-- Records supplied follows --
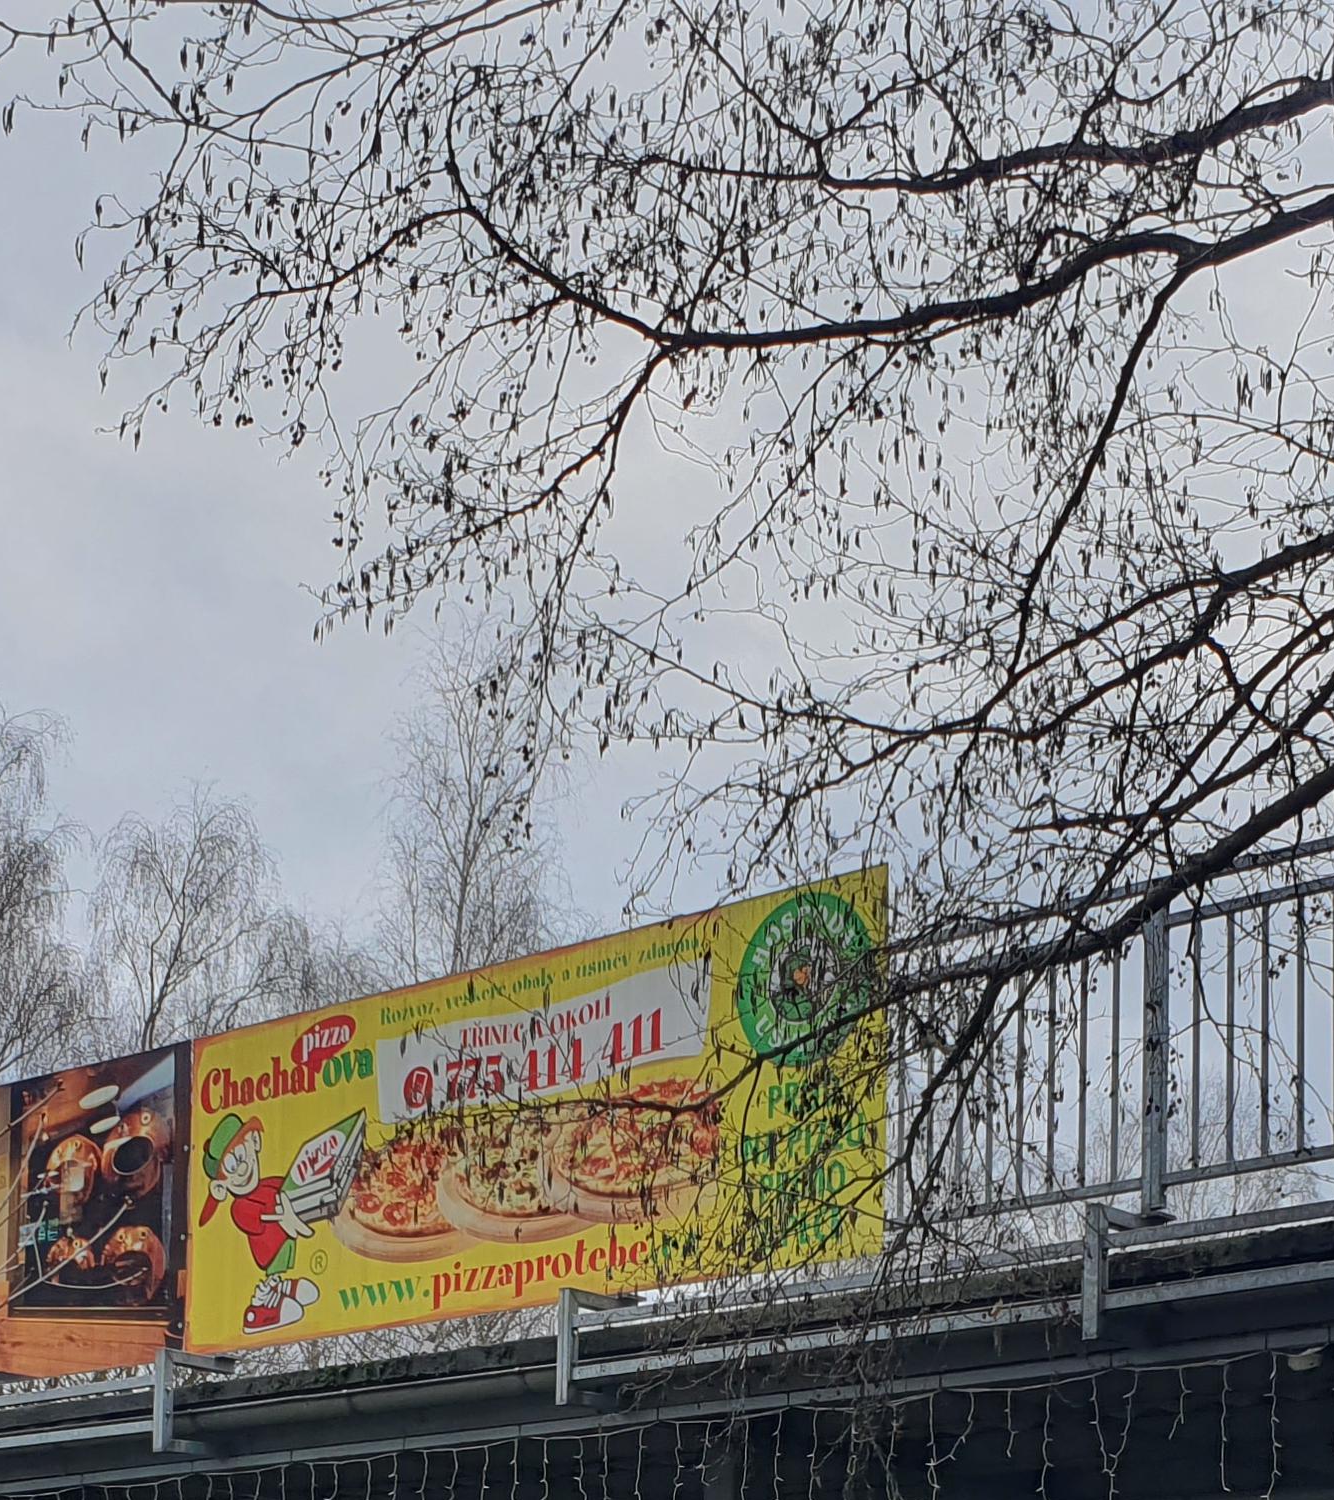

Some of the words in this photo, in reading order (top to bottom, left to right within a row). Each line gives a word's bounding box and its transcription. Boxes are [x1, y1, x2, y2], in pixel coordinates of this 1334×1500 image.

[301, 1023, 351, 1063] pizza
[445, 1055, 505, 1102] 775
[520, 1038, 586, 1092] 414
[602, 1007, 665, 1066] 411
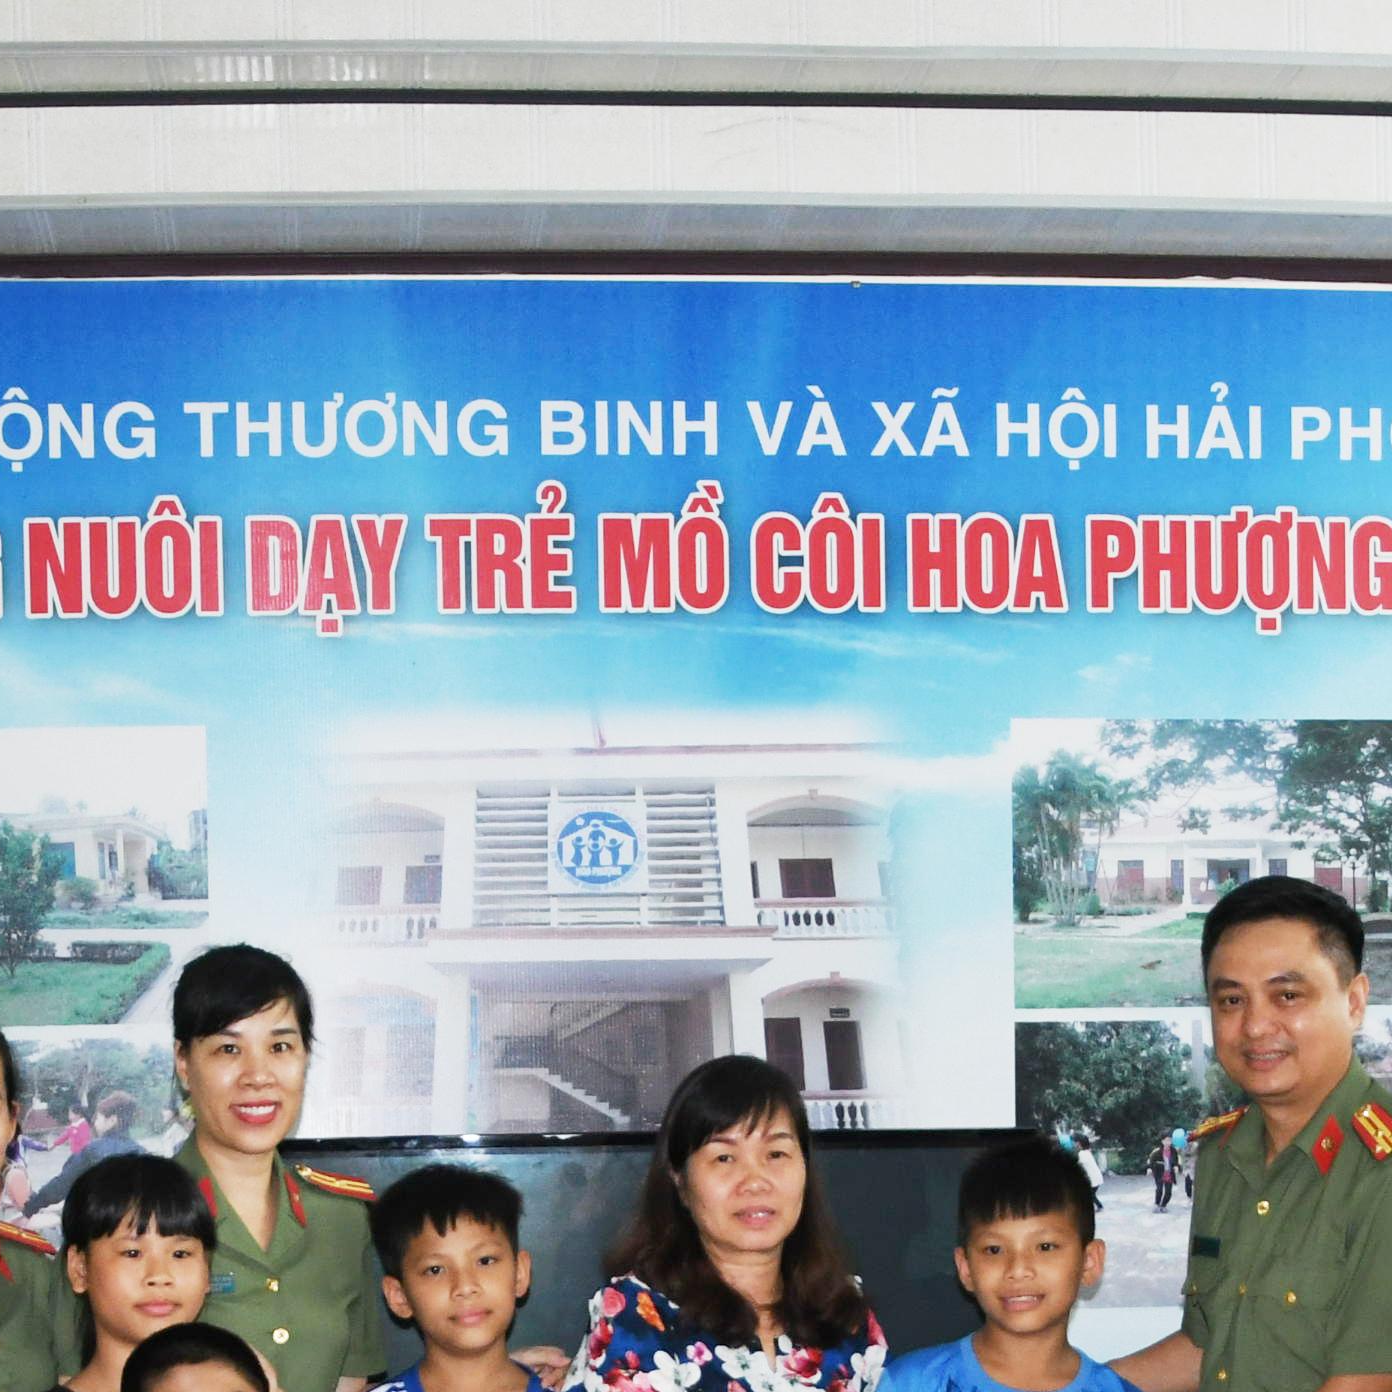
-- Records supplied concluded --
Set down the records exactly, without the pictures.

## Solved problem:
Some of the words in this photo, in reading order (top to bottom, left to right within a row). Each line gives a word's bounding box and its transcription. Boxes are [x1, y1, x2, y2], in pixel coordinates of this 1334×1500 image.

[301, 1023, 351, 1063] pizza
[445, 1055, 505, 1102] 775
[520, 1038, 586, 1092] 414
[602, 1007, 665, 1066] 411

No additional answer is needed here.